In fact each 10mL vial was laced with up to 65mg of morphine…

The Narcotic based baby-sitter service was exposed in a New York Times article in 1910 which revealed evidence of the “systematic ‘doping’ of the delicate organisms of infant with these subtle and powerful drugs is practiced everywhere remorselessly or in desperate ignorance of it’s consequences” [Reference].


Question 2

So you’ve decided to go all out for the Smurf costume for that fancy dress party. How would you permanently turn your skin blue, and what is the term for this?

Reveal the funtabulous answer

Argyria

While more grey-silver than blue, some cases of Argyria can be dramatic.

This irreversible discolouration of the skin is a rare dermatological curiosity caused by the chronic ingestion of colloidal silver. [Case Report BMJ]

Although silver colloids and salts have been withdrawn and/or banned by some drug surveillance agencies, they continue to be freely sold and unregulated as food supplements and as ingredients in alternative medicines, thereby risking the emergence of new cases of silver poisoning. [Case Report]


Question 3

You know nothing Jon Snow!

Ygritte (Game of Thrones)

Reveal the funtabulous answer

John Snow (1813-1859) was a British physician, widely acclaimed as the “father of epidemiology”

Dr Snow pioneered an observational study on cholera epidemics in London between 1854-1857 and later published ‘On the Mode of Communication of Cholera’, a paper which managed to trace an outbreak of cholera to the Broad St pump in London.

It was the Lancet who effectively suggested he ‘knows nothing‘ as they failed to recognise this epidemiological achievement in his obituary, and their editorial at the time (1855) was not exactly supportive…

The Lancet wishes to correct, after an unduly prolonged period of reflection, an impression that it may have given in its obituary of Dr John Snow on June 26, 1858. The obituary briefly stated:

Dr John Snow: This well-known physician died at noon, on the 16th instant, at his house in Sackville Street, from an attack of apoplexy.
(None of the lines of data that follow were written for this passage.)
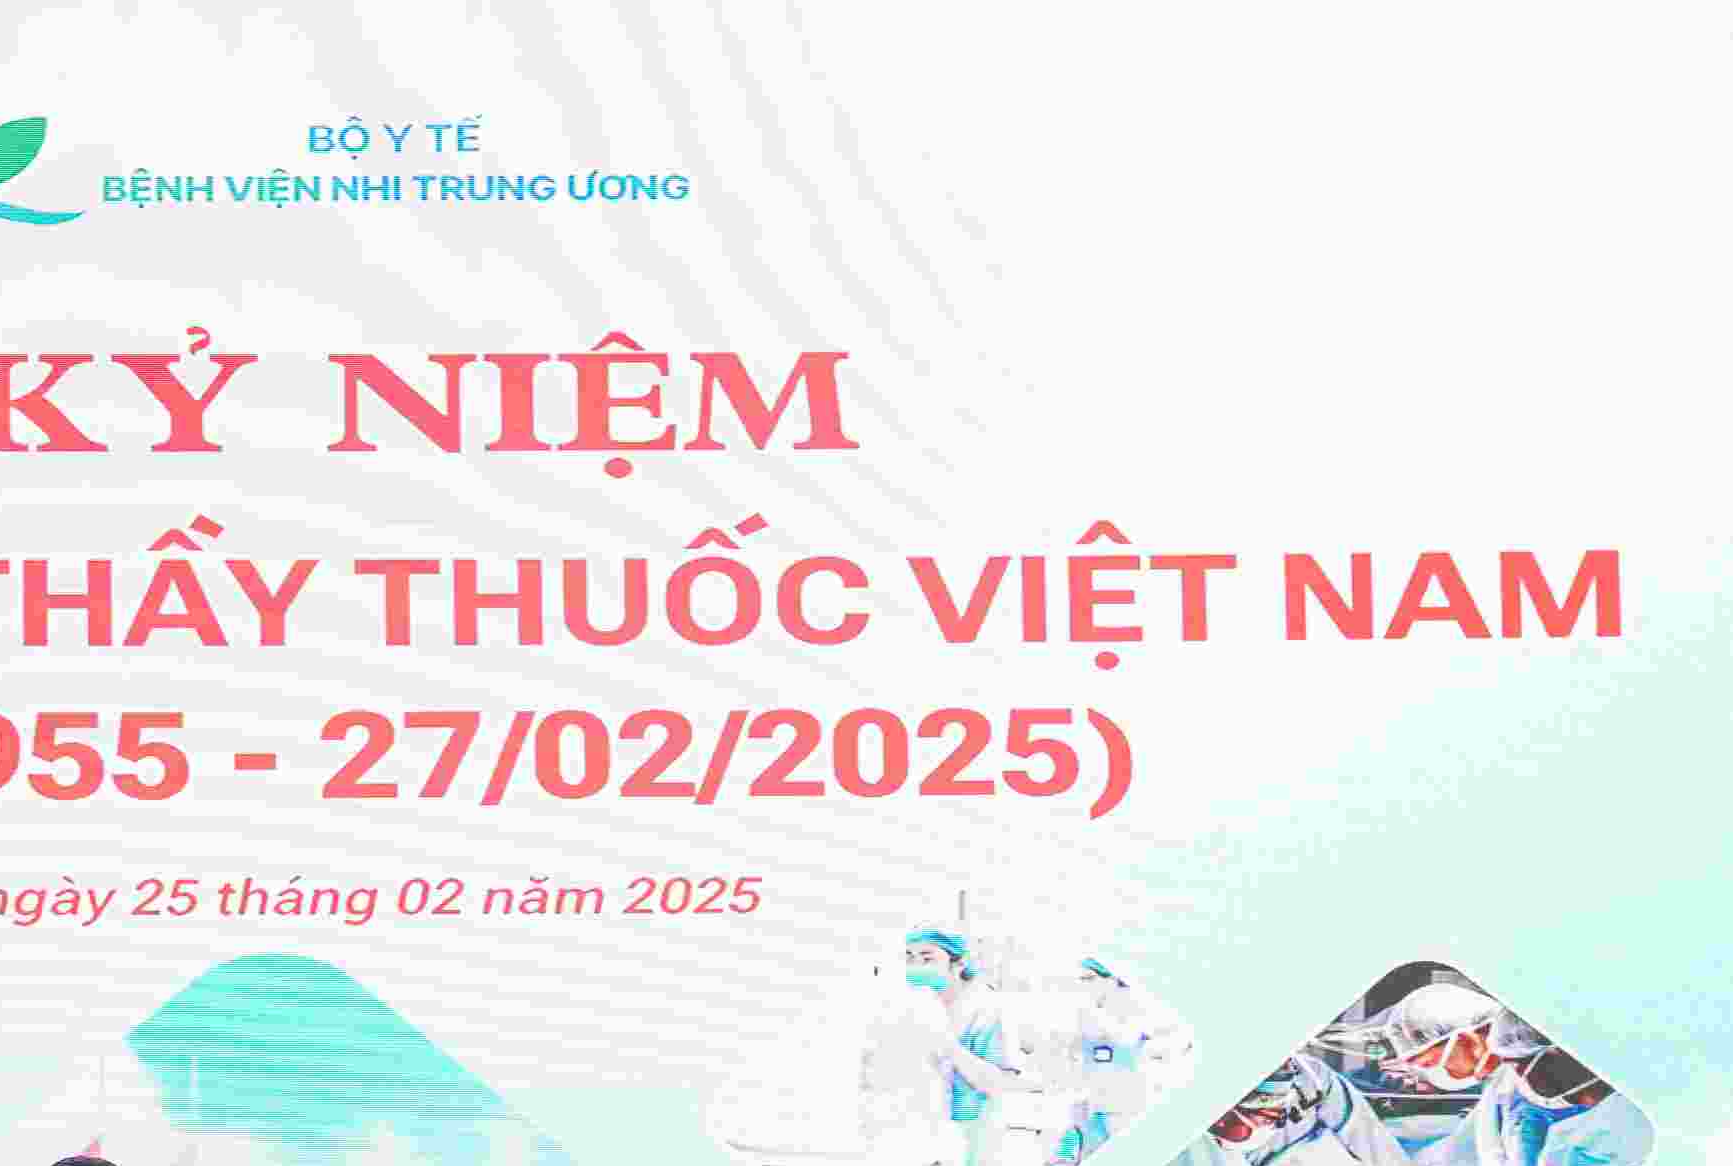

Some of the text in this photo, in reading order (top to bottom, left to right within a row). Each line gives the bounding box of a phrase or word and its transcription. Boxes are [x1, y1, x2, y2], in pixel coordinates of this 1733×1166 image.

[308, 113, 483, 158] BỘ Y TẾ
[102, 167, 691, 209] BỆNH VIỆN NHI TRUNG ƯƠNG
[329, 330, 858, 479] NIỆM
[354, 513, 870, 647] THUỐC
[906, 519, 1237, 671] VIỆT
[1283, 549, 1624, 641] NAM
[234, 752, 276, 772] -
[320, 708, 1132, 818] 27/02/2025)
[130, 879, 202, 917] 25
[216, 878, 379, 927] tháng
[396, 880, 464, 916] 02
[483, 878, 603, 915] năm
[623, 877, 763, 915] 2025
His researches on chloroform and other anaesthetics were appreciated by the profession.

The journal accepts that some readers may wrongly have inferred that The Lancet failed to recognise Dr Snow’s remarkable achievements in the field of epidemiology and, in particular, his visionary work in deducing the mode of transmission of epidemic cholera. The Editor would also like to add that comments such as “In riding his hobby very hard, he has fallen down through a gully-hole and has never since been able to get out again” and “Has he any facts to show in proof? No!”, published in an Editorial on Dr Snow’s theories in 1855, were perhaps somewhat overly negative in tone.

The Lancet 2013

Question 4

Why are we interested in the blood of Horseshoe crabs?
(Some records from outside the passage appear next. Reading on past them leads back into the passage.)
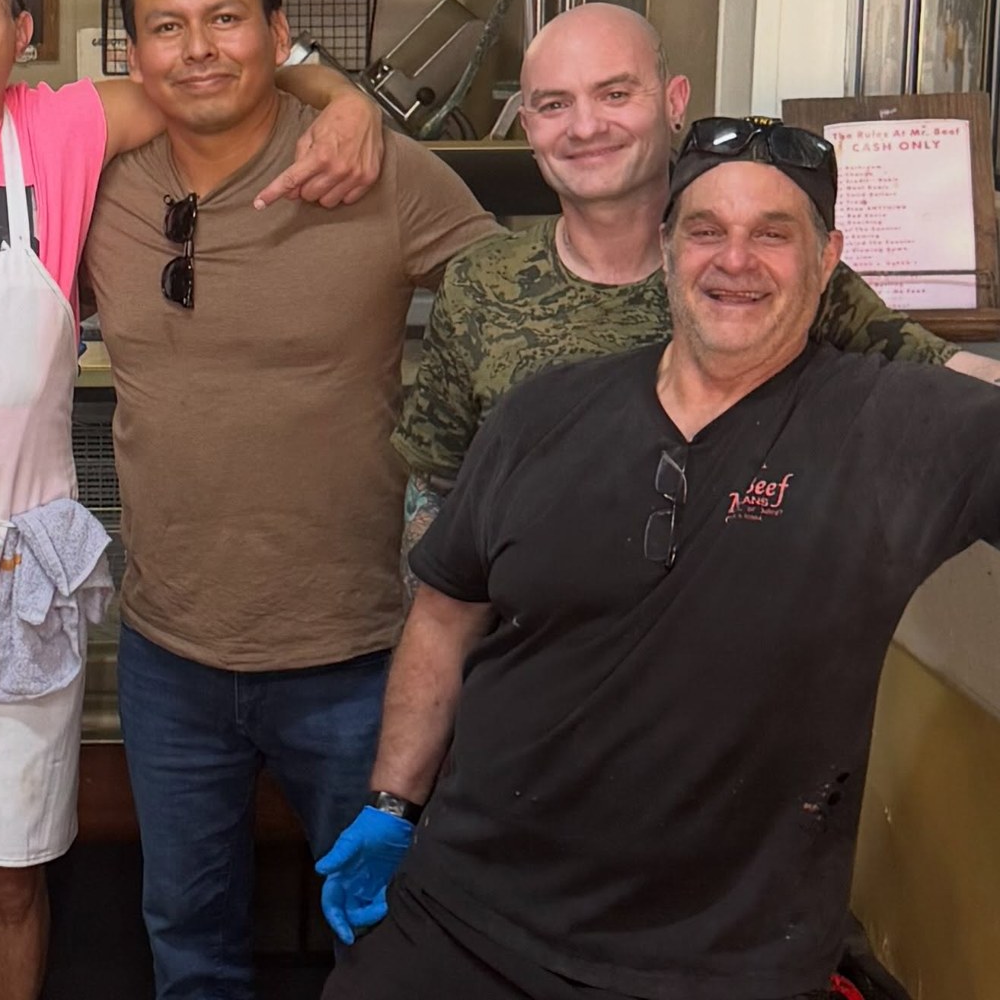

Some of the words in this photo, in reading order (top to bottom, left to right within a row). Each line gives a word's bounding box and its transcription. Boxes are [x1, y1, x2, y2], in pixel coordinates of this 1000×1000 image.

[832, 132, 852, 141] The
[856, 130, 889, 139] Rules
[892, 129, 906, 138] At
[909, 127, 930, 137] Mr.
[934, 128, 961, 136] Beef
[852, 143, 893, 152] CASH
[898, 140, 941, 150] ONLY
Reveal the funtabulous answer

The LAL test

It’s not just an interest, it’s been an industry since the 1970’s. [Reference]

Limulus amebocyte lysate (LAL) is an clotting agent found in the aqueous extract of the horseshoe crab (Limulus polyphemus) blood.

The powder blue blood is extracted from the pericardium of live crabs, which are then returned to the water (attrition rate 3-10%…)

LAL reacts with bacterial endotoxin or lipopolysaccharide in the membrane of Gram negative bacteria. This reaction is the basis of the LAL test, used to detect and quantify bacterial endotoxins.

This FDA approved test ensures pharmaceuticals and medical equipment are endotoxin free!.


Question 5

What is “Seinfeld syncope” and when was it first reported?

Reveal the funtabulous answer

Laughter-induced syncope

This phenomenon was first reported in 1997 (Cox SV, Eisenhauer AC, Hreib K. “Seinfeld syncope“. Cathet Cardiovasc Diagn. 1997 Oct;42(2):242. PubMed PMID: 9328725).

It was described as “a combination of critical carotid stenosis and a prolonged Valsalva (from hysterical laughter while watching Seinfeld) resulting in repeated syncopal episodes.”

The rate of LIS has declined over the years as the quality of free to air comedy has exponentially declined

Further reading – Lancet case report

…and remember “laughter should be considered among numerous differentials for syncope” – Bragg, M. J. (2006)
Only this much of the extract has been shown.